| 要旨トップ | 目次 | 日本生態学会第64回全国大会 (2017年3月、東京) 講演要旨
ESJ64 Abstract


一般講演(ポスター発表) P2-F-204  (Poster presentation)

生物多様性保全のための大学院(専門職)演習を通じた放置里山林管理

*藤原道郎(淡路景観園芸学校, 兵庫県大院緑環境景観マネジメント研究科), 澤田佳宏(淡路景観園芸学校, 兵庫県大院緑環境景観マネジメント研究科)
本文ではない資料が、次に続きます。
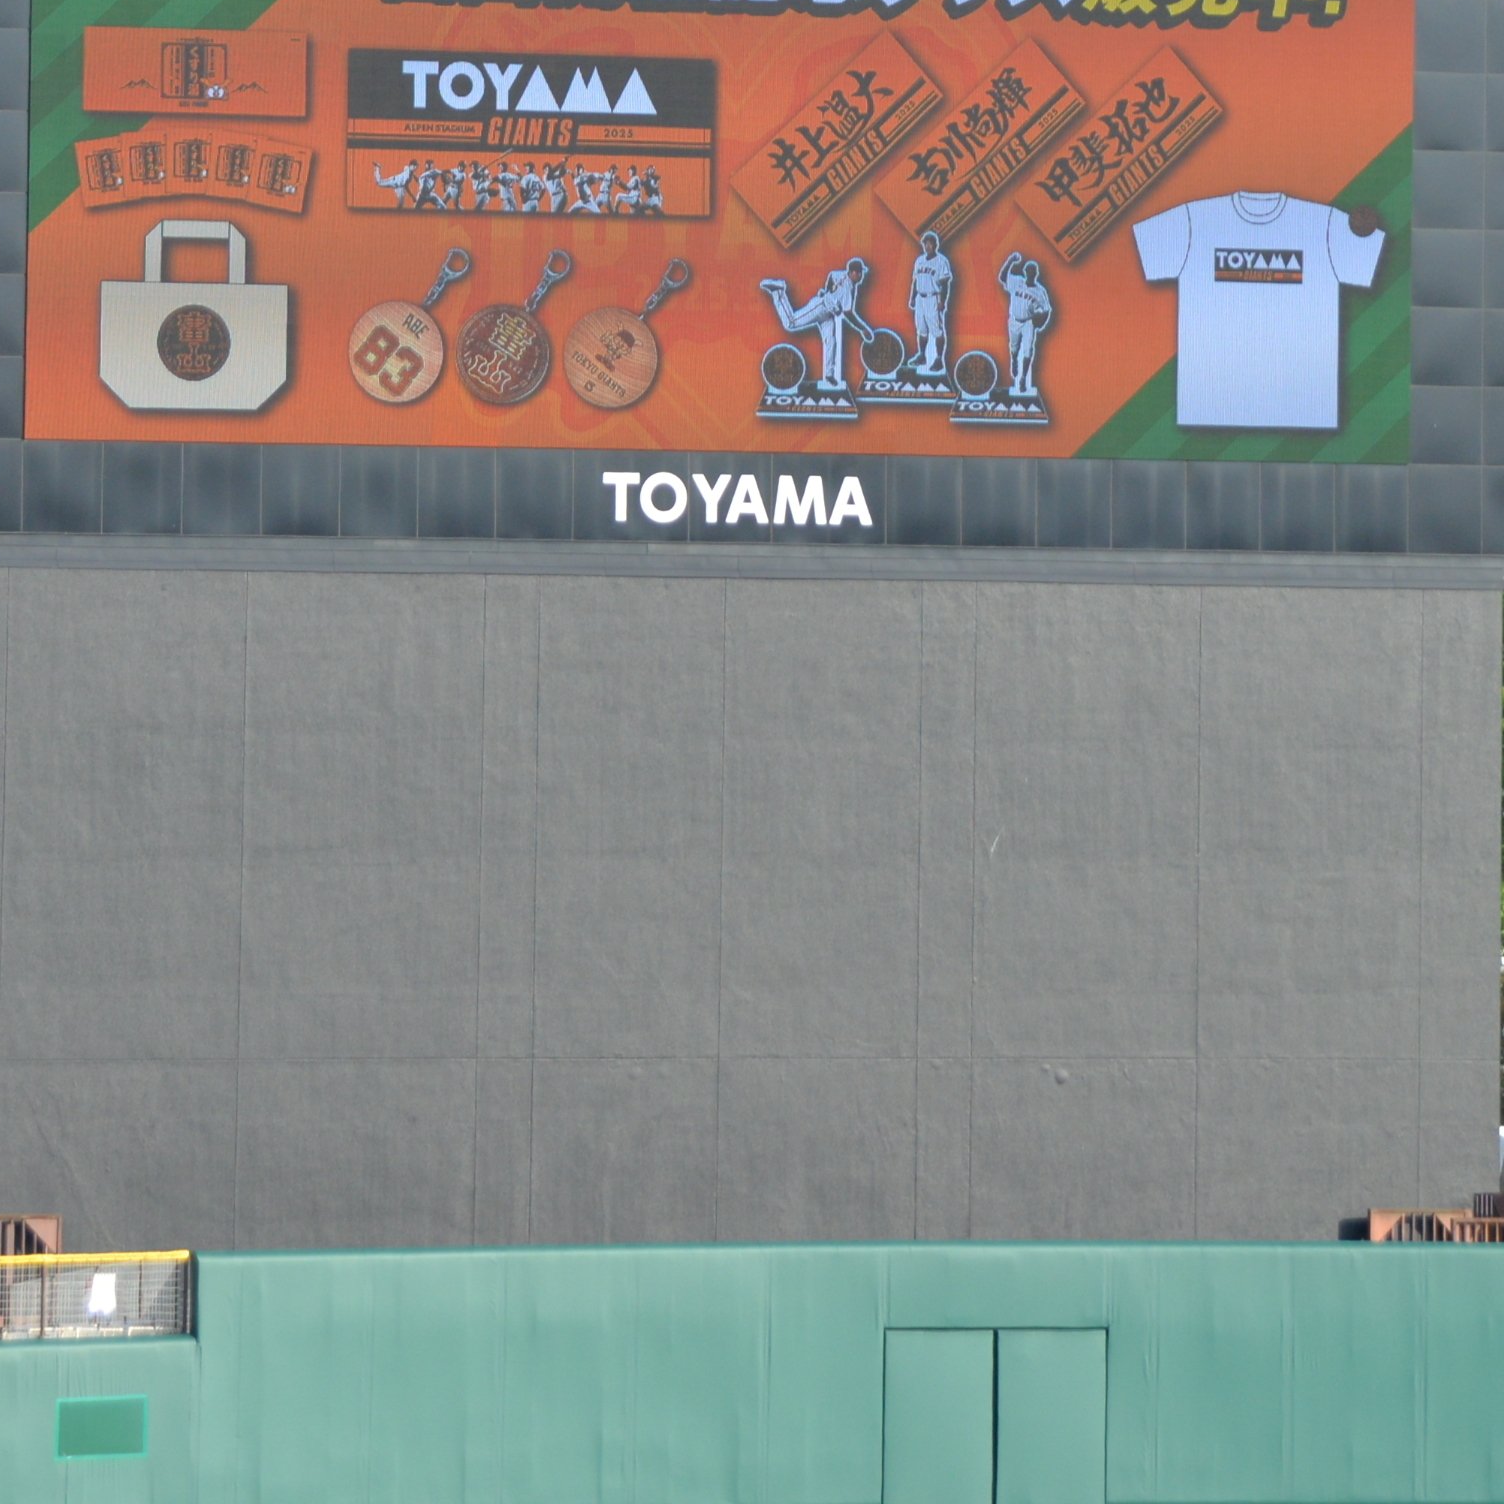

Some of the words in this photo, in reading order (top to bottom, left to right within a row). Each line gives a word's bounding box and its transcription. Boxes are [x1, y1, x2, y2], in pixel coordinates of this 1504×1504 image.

兵庫県立大学緑環境景観マネジメント研究科(兵庫県立淡路景観園芸学校)は造園・環境系の専門職大学院であり,研究者養成ではなく実務家養成を目的とし,演習主体のカリキュラムとなっている.キャンパスは淡路島北部の中山間地に位置し,周囲を棚田や里山林に囲まれているうえ,キャンパス内にも二次林が存在し,里山林管理の教育を行うのに適しているといえる.2009(平成21)年の専門職大学院開設時から,通年科目である里地里山の保全管理演習において,生物多様性保全のための放置里山林管理を実施している.6月の2コマを使い管理対象地(10×10m)の毎木調査および林床植生調査を行い,その結果から間伐対象木を選定している.11月ないしは12月の2コマを使い間伐作業を実施している.管理手法は高林管理と呼ばれるもので,高木は残し低木層の常緑広葉樹を中心に間伐を行い,林愛の光環境を改善させるというものである.2009年の間伐試験区では幹数179本/100m2であったものを42本/100m2とした.ヤマザクラ,コナラなどの落葉広葉樹は残し,ヒサカキを136本/100m2から36本/100m2へと減少させた.それにより相対照度は0.3%から8.7%に増加した.2011年の間伐試験区においてはヒサカキの樹冠面積合計は173m2/100m2であったものを4.2m2/100m2へと減少させた.これらの間伐1年目から7年目までの間伐試験区の林分構造の検討を行った.実生による定着および萌芽再生が見られ年次経過に伴う樹高の伸長が顕著であった.また低木層の被度も増加しており常緑樹林化も進行していた.これらは常緑広葉樹林域であることおよび周囲にも常緑広葉樹が優占していることに起因すると考えられた.